Three RNA cells for ribosomal lineages and three DNA viruses to replicate their genomes: a hypothesis for the origin of cellular domain

Scientific Fields
Diseases
Organisms
Applications
Technique

Published in Proceedings of the National Academy of Sciences of the United States of America - 27 Feb 2006

Forterre P

Link to Pubmed [PMID] – 16505372

Proc. Natl. Acad. Sci. U.S.A. 2006 Mar;103(10):3669-74

The division of the living world into three cellular domains, Archaea, Bacteria, and Eukarya, is now generally accepted. However, there is no consensus about the evolutionary relationships among these domains, because all of the proposed models have a number of more or less severe pitfalls.
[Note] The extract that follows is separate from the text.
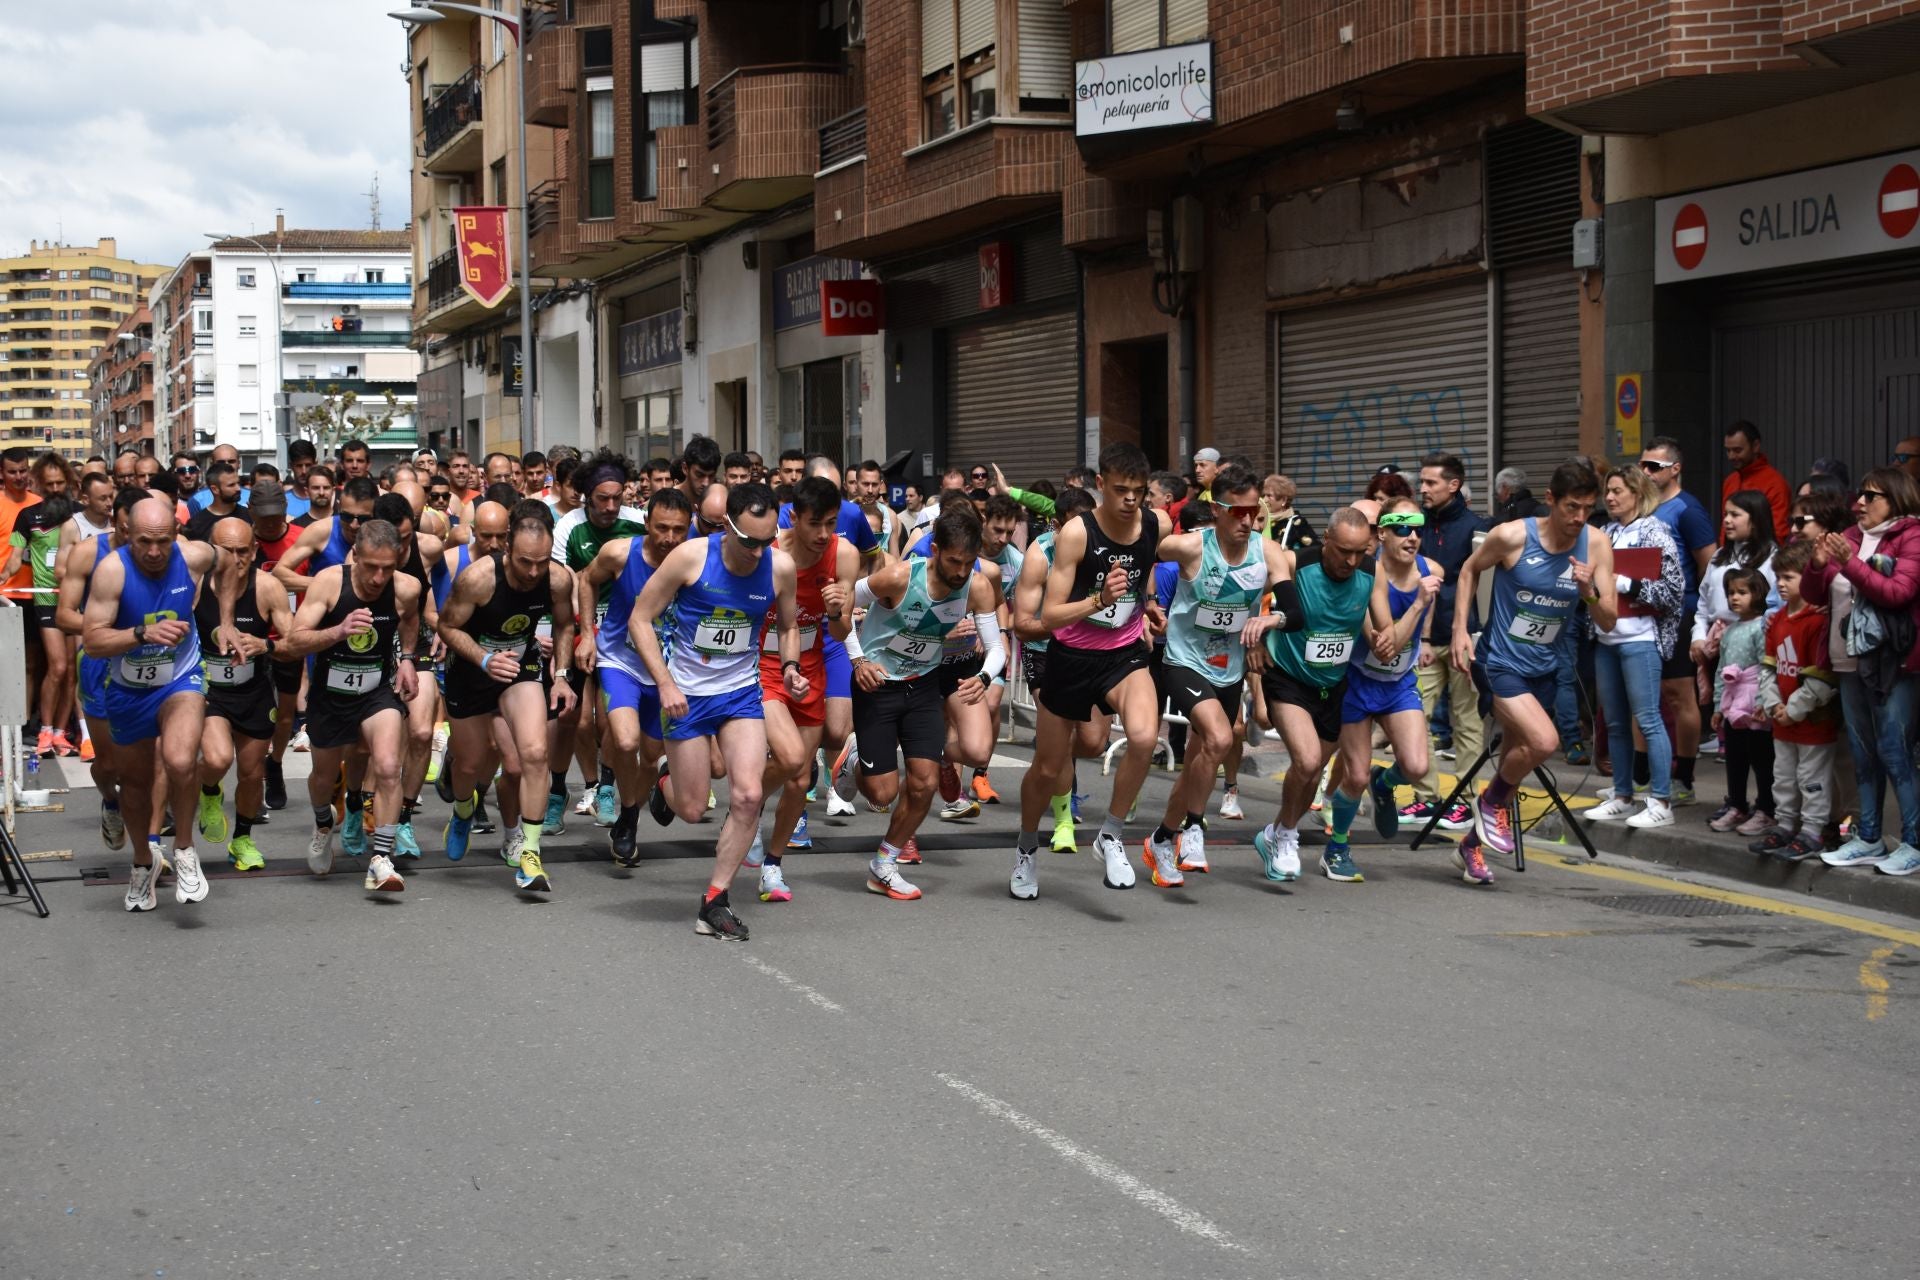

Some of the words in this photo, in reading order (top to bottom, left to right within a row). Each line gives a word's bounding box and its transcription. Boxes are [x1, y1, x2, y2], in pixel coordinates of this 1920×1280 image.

Another drawback of current models for the universal tree of life is the exclusion of viruses, otherwise a major component of the biosphere. Recently, it was suggested that the transition from RNA to DNA genomes occurred in the viral world, and that cellular DNA and its replication machineries originated via transfers from DNA viruses to RNA cells. Here, I explore the possibility that three such independent transfers were at the origin of Archaea, Bacteria, and Eukarya, respectively. The reduction of evolutionary rates following the transition from RNA to DNA genomes would have stabilized the three canonical versions of proteins involved in translation, whereas the existence of three different founder DNA viruses explains why each domain has its specific DNA replication apparatus. In that model, plasmids can be viewed as transitional forms between DNA viruses and cellular chromosomes, and the formation of different levels of cellular organization (prokaryote or eukaryote) could be traced back to the nature of the founder DNA viruses and RNA cells.